Ottawa Citizen

Refugee bill at $200M, MacLeod tells MPs

Debate ranges from money to vocabulary

- DAVID REEVELY

Ontario’s bill for refugee claimants is up to $200 million, the province’s social-services minister, Lisa MacLeod, said Tuesday in a testy Parliament Hill committee hearing that spent much of its time in an argument over whether it’s OK to describe some crossings of the Canadian border as “illegal.”

The Ontario government is continuing to crunch numbers, finding new expenses to attribute to asylum claimants who come into Canada between official “points of entry” to ask for protection as refugees. While they wait for federal hearings that can take as long as two years, provincial and municipal government­s cover social services like emergency housing and welfare payments if they’re needed.

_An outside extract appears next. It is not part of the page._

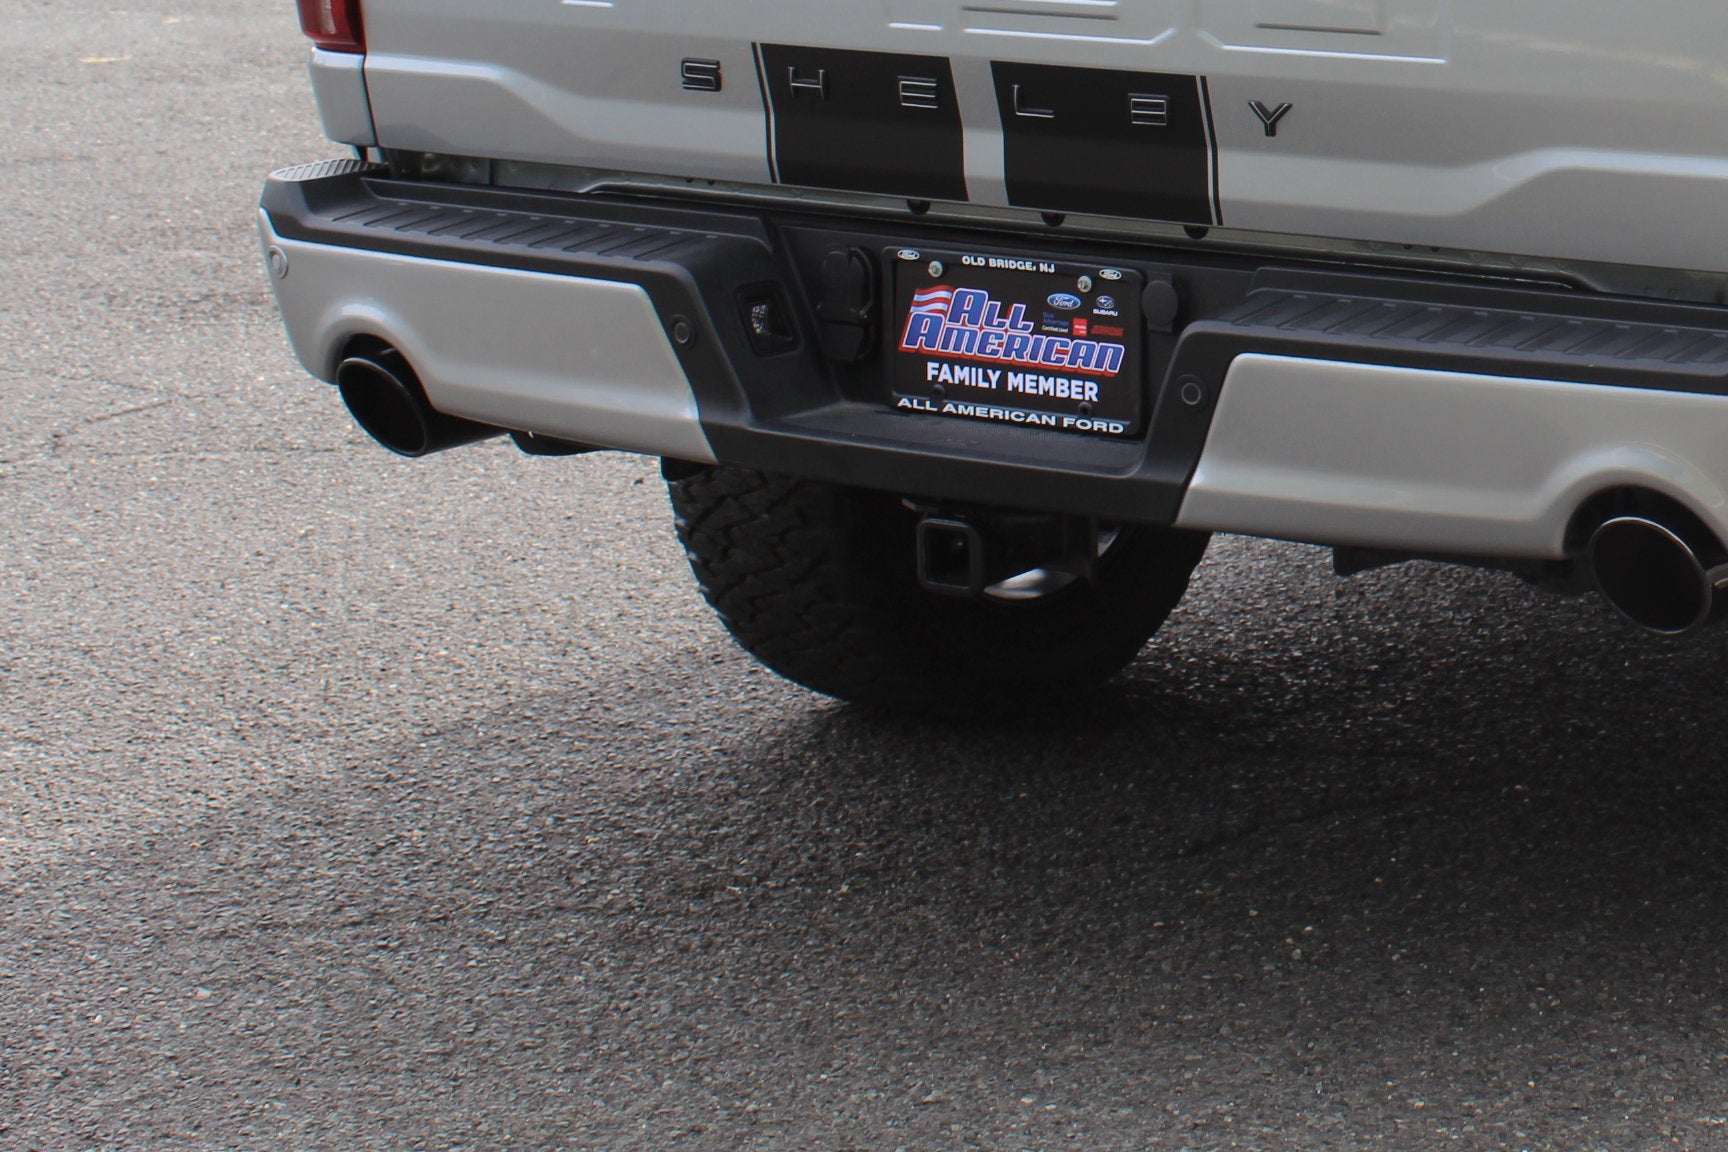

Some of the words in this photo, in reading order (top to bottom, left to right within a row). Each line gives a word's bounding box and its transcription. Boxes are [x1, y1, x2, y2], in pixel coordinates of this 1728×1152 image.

MacLeod and Premier Doug Ford have already talked about the roughly $90 million the Ontario government has spent on social assistance payments, plus about $85 million the cities of Toronto and Ottawa have spent on shelter and social housing.

Now add $20 million for education for refugee-claimant kids, and $3 million the province has given the Red Cross for its help with 800 refugee claimants staying in two college dorms in Toronto. The tally rises by the day.

“I have a $200-million price tag that I need you guys to pay for. You would rather have a debate on words. I would rather have money for the things my ministry pays for,” MacLeod upbraided MPs on the House of Commons’ citizenshi­p and immigratio­n committee, where she’d been invited to testify about those costs. “The problems seem to be spreading without any light at the end of the tunnel.”

Refugee claimants cost real money, and it is a consequenc­e of an inadequate­ly funded federal system for deciding whether refugee claims are legitimate.

The process is supposed to take 60 days. It’s never that quick, particular­ly since claimants started turning to Canada after President Donald Trump was elected in the United States.

It doesn’t matter whether they arrive at the Thousand Islands Bridge or walk into Quebec through a forest path. Some are legitimate claimants, some make honest claims that we don’t accept, some are liars. There’s no way to know who’s which without hearing what they have to say for themselves. We cannot just point them back the way they came.

The word “illegal” suggests they’re illegitima­te, which isn’t really right: If someone shows up in the country — anywhere — and asks for asylum, we’re required by both internatio­nal and domestic law to hear their claim. There is no mechanism for turning them away without listening to their case.

The trouble: MacLeod and Ford stormed into the refugee situation shortly after being sworn in by objecting to the costs to the province for “illegal border crossers.” They knew what they were doing, or they thought they did at the time.

MacLeod’s case for the money is much stronger than the case for using the word “illegal.” Naturally, with the provincial minister before them, federal Liberals wanted to talk about the word.

Peter Fragiskato­s, a Liberal MP from London, used much of his allotted question time to quiz MacLeod about whether she’s aware of the various legal instrument­s governing refugee claims — court rulings, a UN convention and so on — mostly drawing on written notes.

“Where does it say crossing the border is illegal?” he asked.

“Just because they put the paper in front of you doesn’t mean you have to read it,” MacLeod volleyed back, implying Fragiskato­s was just reciting lines. “The federal government has sole jurisdicti­on on Canada’s borders and it’s your responsibi­lity to identify a solution to the most recent influx.”

Calgary MP Michelle Rempel, the federal Conservati­ves’ immigratio­n critic, had staff dig up transcript­s of an earlier committee hearing where Immigratio­n Minister Ahmed Hussen said he uses the words “irregular” and “illegal” to mean the same thing.

Vancouver MP Jenny Kwan spent a chunk of her time lamenting the word “illegal,” too.

What if Hussen recanted his earlier statement that “illegal” and “irregular” mean the same thing — would MacLeod do the same?

I mean, who’s supposed to care? Not the 800 people in college dorms who’ll soon have to make way for students (MacLeod said she’s presenting the feds with a list of federal properties that her ministry thinks could house them). Not Canadians who have an interest in getting claimants’ cases adjudicate­d so they can either get welcomed, integrated and employed, or escorted out of the country as quickly as possible.

The federal Immigratio­n Department says Canada intercepte­d 10,744 people crossing into the country between regular ports of entry in the first half of 2018 — an annual rate of about 21,500 people.

For some perspectiv­e, Italy reported 117,000 people arriving on its shores just on boats in 2017, and 183,000 migrants in all. Germany got 186,000 migrants last year, which was down from 280,000 the year before and a stunning 890,000 the year before that. Proportion­ately, they’re getting three or four times the refugee claimants we are, after previously absorbing many times that.

Canada’s been insulated from mass migrations by geography: we have only one land border and it’s with a country that’s been more of a migrant-magnet than Canada has been. We can totally handle the change if we only recalibrat­e a little. Words matter but actually helping people and making our refugee system work would matter a whole lot more.